For a drug such as Viagra, the national institute would need also to advise on how such treatments should best be targeted to ensure that the most appropriate patients are selected for treatment, and that NHS resources overall are used in the most effective possible way.
Decisions on Viagra, however, will not be able to wait for establishment of the National Institute of Clinical Excellence. As I said, the Standing Medical Advisory Committee has been asked to develop guidance for the NHS on the role of Viagra. Clear guidance, properly monitored, will ensure that the availability of Viagra on the NHS is consistent across the whole country--should it be licensed.
I should expect guidance to emphasise the need for a full and expert clinical assessment before patients are prescribed Viagra, especially when there is no previous history of related disease or diagnosis of impotence. I should expect also that such assessments will take place under the auspices of expert hospital clinicians rather than through family doctors. Clearly the implications for specialist hospital services will have to be properly assessed before final decisions are taken, but I think that it is right to make it clear now that the Government do not want GPs to be burdened with the weight of expectations that have been built up around the drug.
Dr. Harris:
I should be grateful if the Minister will return to an earlier point, and explain how, if the drug is licensed and available, general practitioners--regardless of whether their decisions are checked by a hospital consultant--should deal with the problem of having to tell some patients that the drug budget is insufficient to provide them with the treatment that they need.

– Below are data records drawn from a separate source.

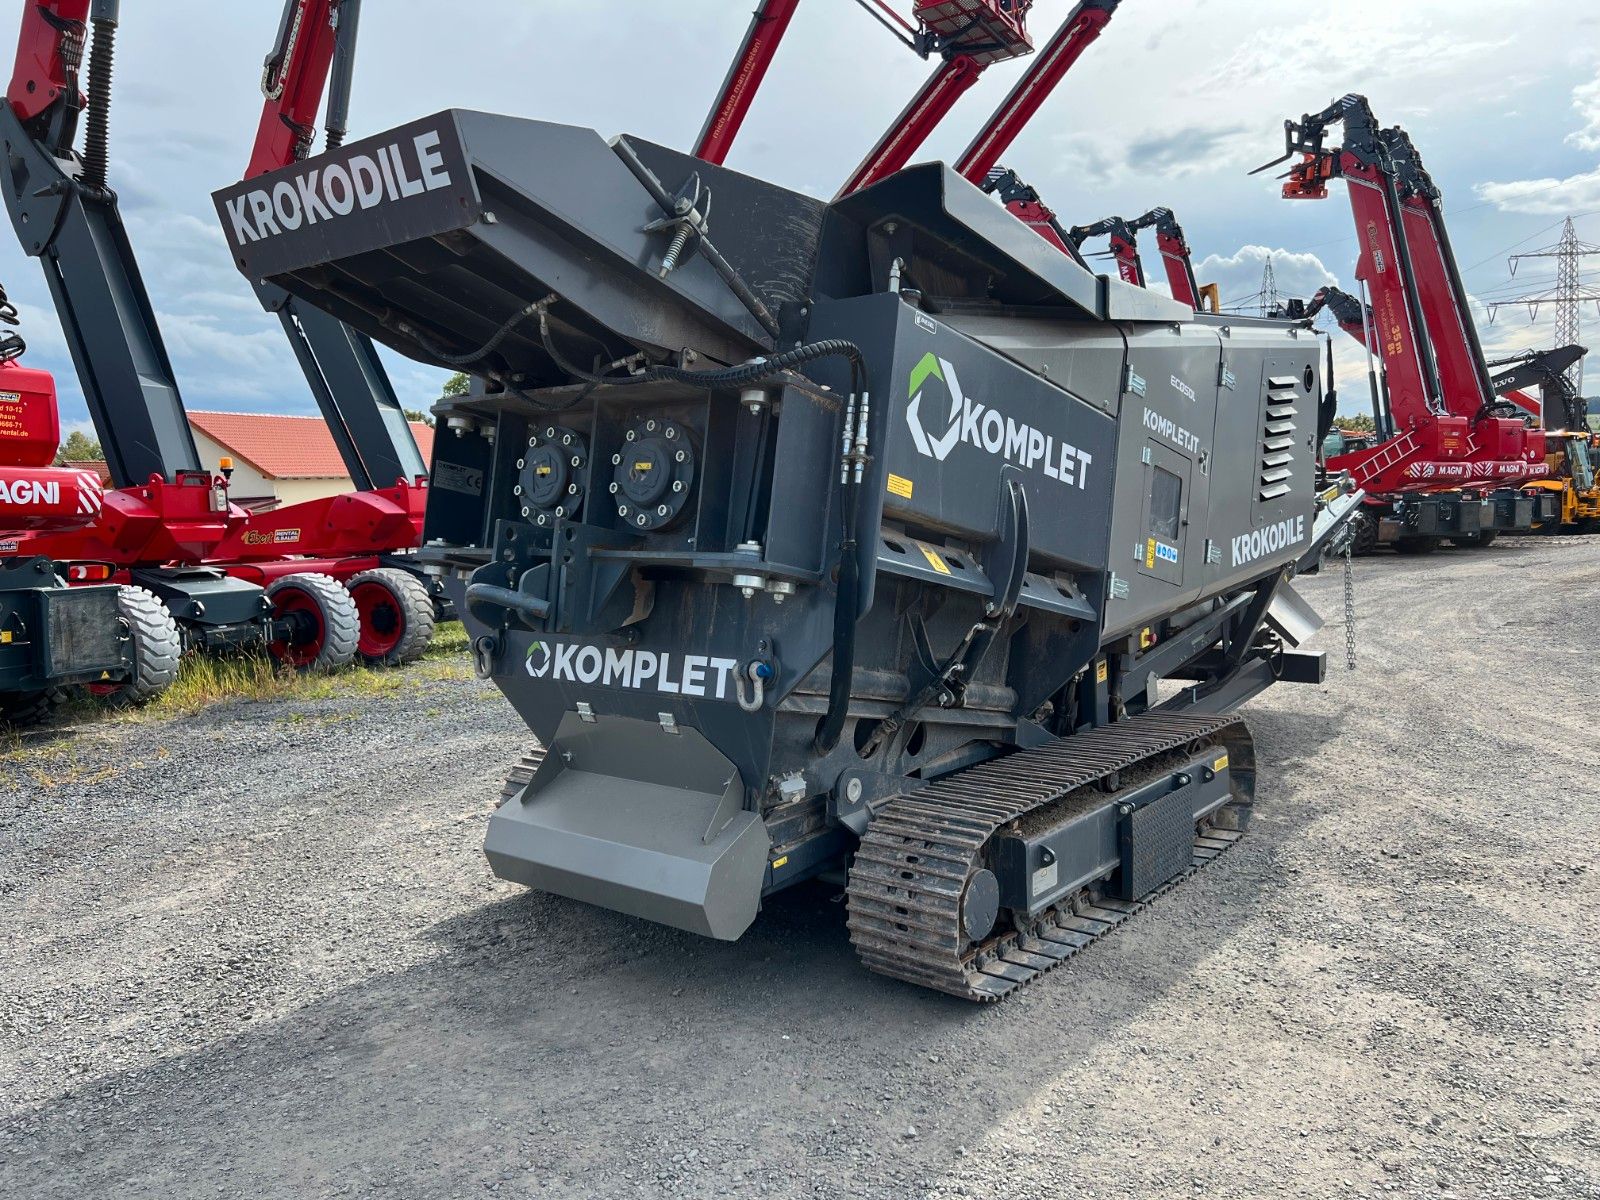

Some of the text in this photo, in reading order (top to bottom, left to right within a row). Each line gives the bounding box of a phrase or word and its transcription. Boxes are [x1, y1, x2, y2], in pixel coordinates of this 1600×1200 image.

[712, 116, 726, 138] mich
[723, 94, 737, 117] kann
[734, 73, 746, 94] man
[225, 130, 451, 246] KROKODILE
[1493, 376, 1515, 388] LVO
[960, 396, 1092, 490] KOMPLET
[1143, 406, 1200, 454] KOMPLET.IT
[1439, 466, 1463, 475] MAGNI
[1499, 465, 1519, 474] MAGNI
[1231, 514, 1304, 568] KROKODILE
[553, 643, 737, 699] KOMPLET
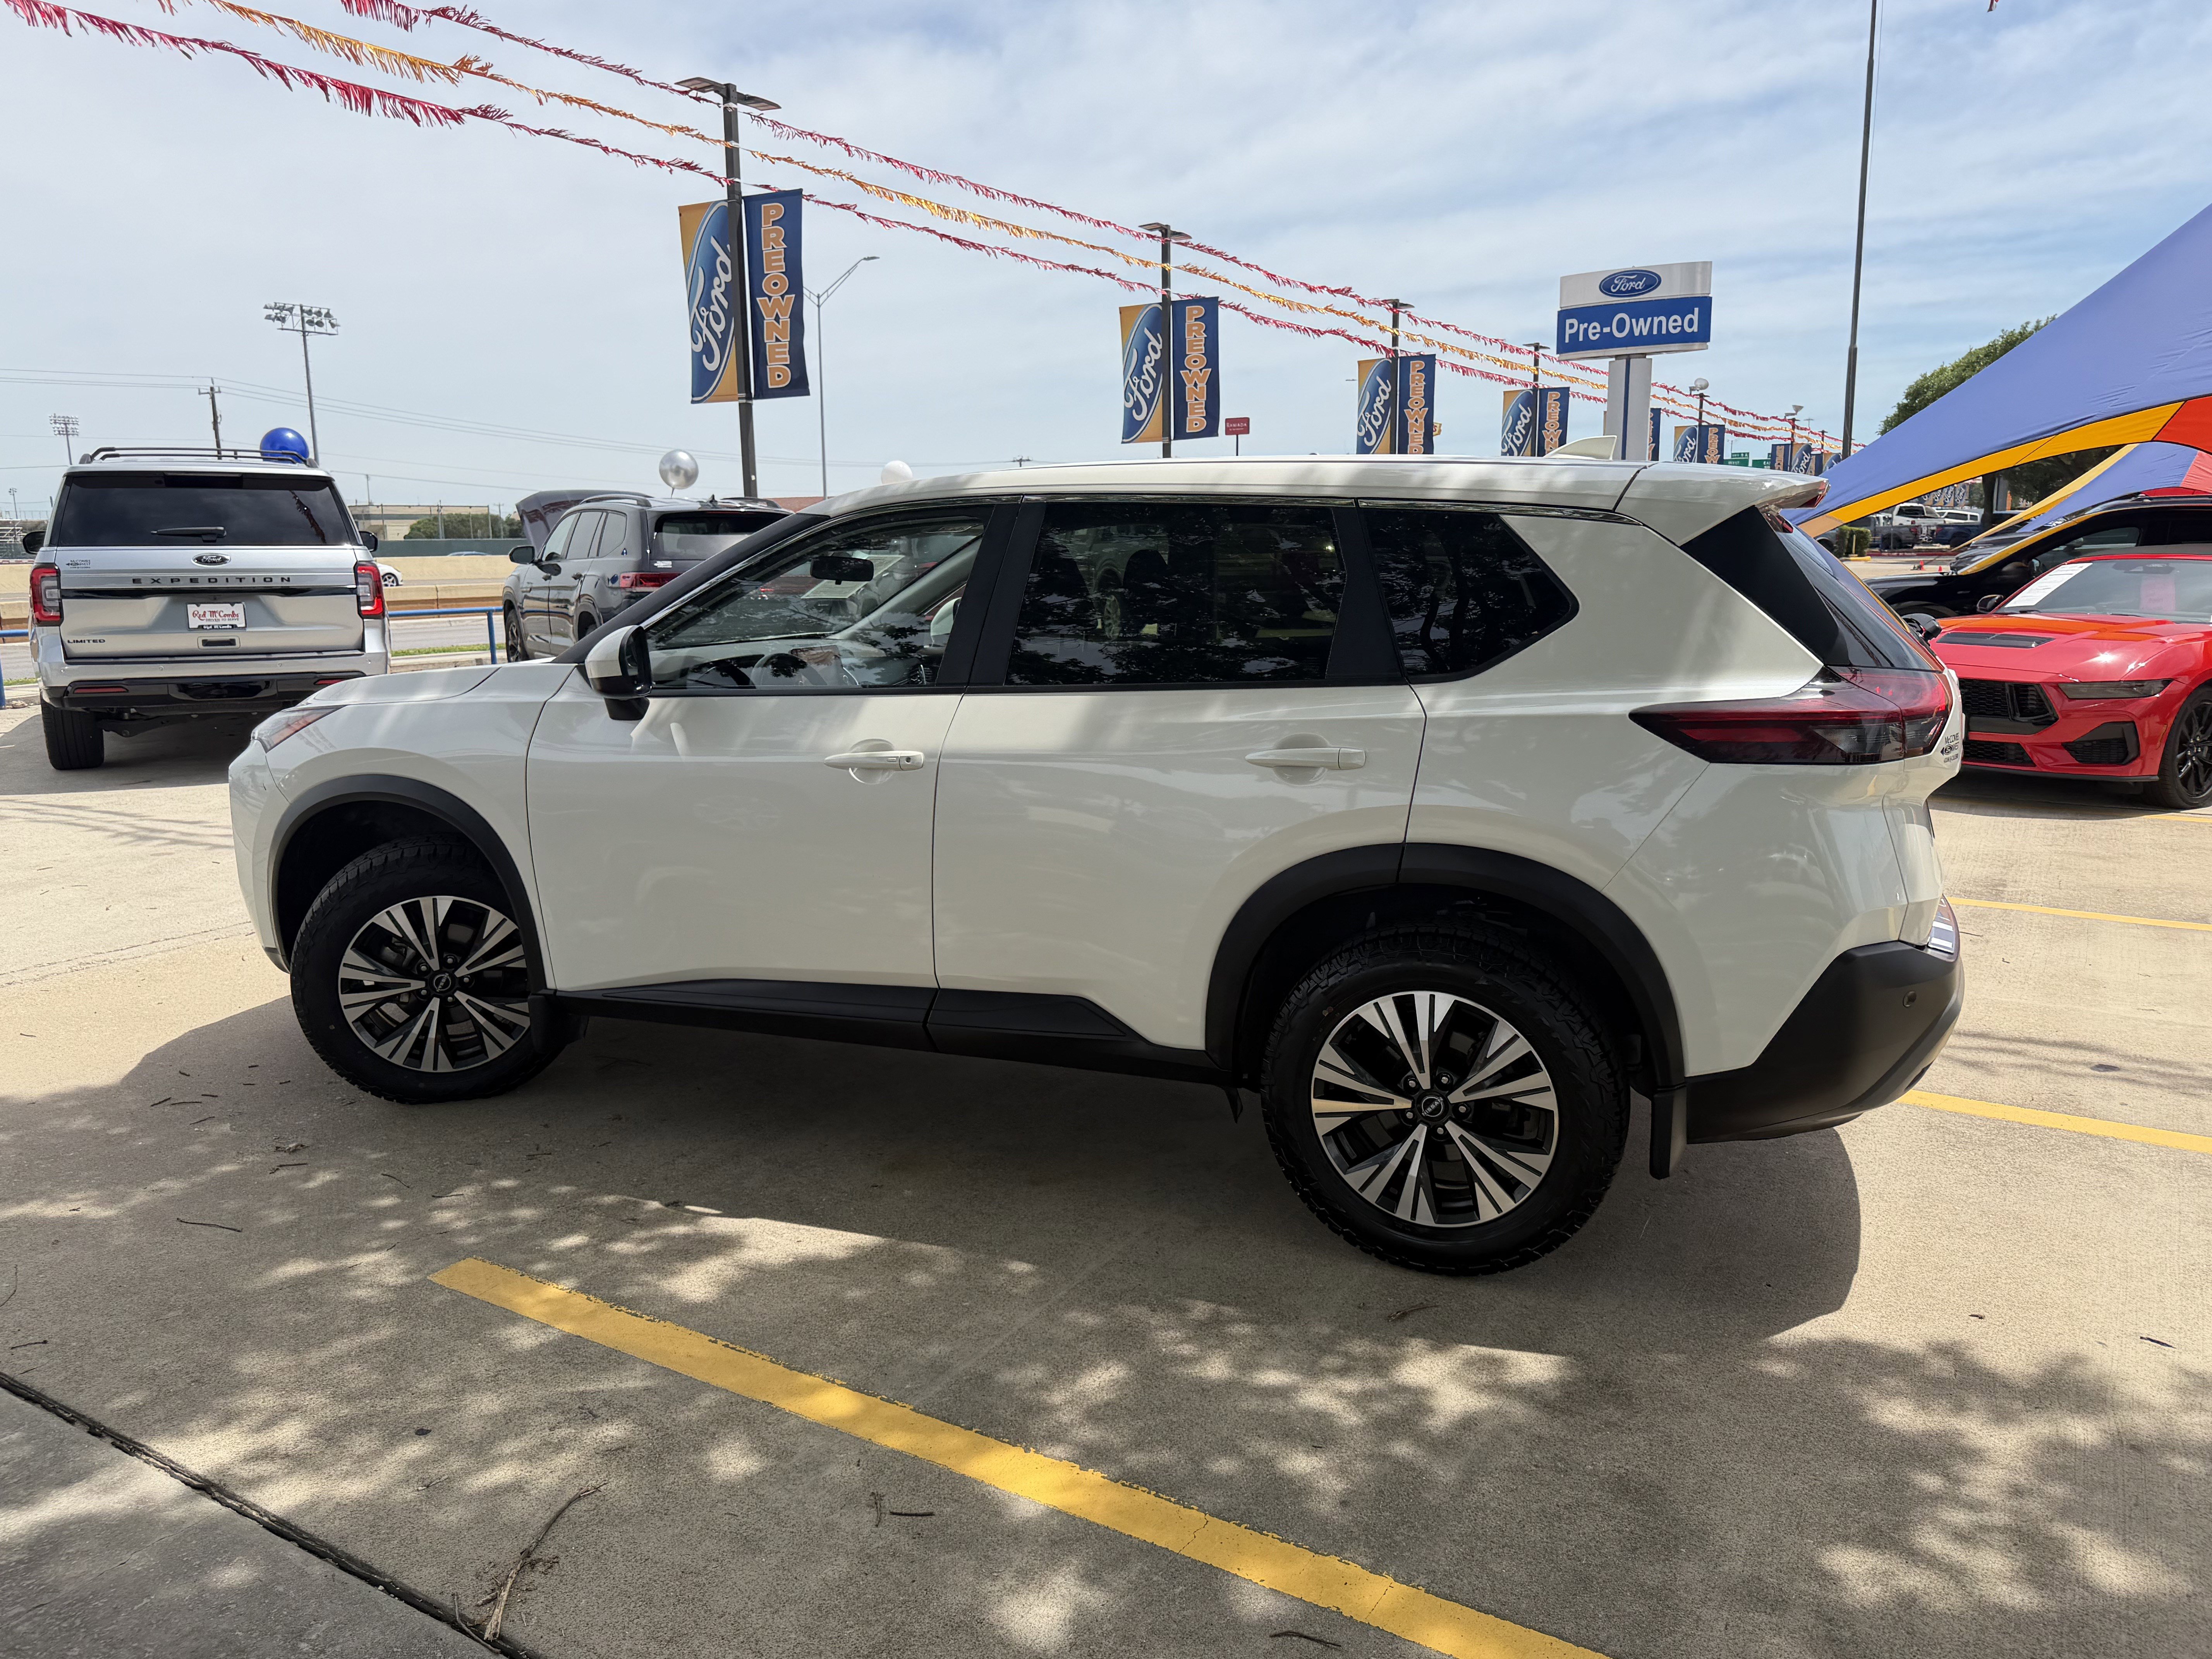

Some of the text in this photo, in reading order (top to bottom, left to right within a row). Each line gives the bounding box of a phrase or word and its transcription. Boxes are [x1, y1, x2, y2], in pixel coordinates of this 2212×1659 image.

[691, 235, 732, 371] Ford
[756, 203, 795, 388] PREOWNED
[1610, 275, 1646, 292] Ford
[1565, 307, 1699, 343] Pre-Owned
[1124, 327, 1162, 421] Ford
[1180, 306, 1212, 433] PREOWNED
[1357, 376, 1392, 446] Ford
[1501, 403, 1532, 456] Ford
[192, 610, 206, 621] Red
[1421, 1097, 1444, 1116] NISSAN

Such a problem currently exists, and it may well be exacerbated.
Mr. Milburn:
The hon. Gentleman could have made a good point, but he has made a bad one--as he did in his speech, when he said that drug budgets would be cash-limited. As we have repeatedly made it clear--he should understand this point; to be fair to him, he understands health issues--no part of the new unified budgets being made available to primary care groups is to be artificially capped. Indeed, we are removing the cap.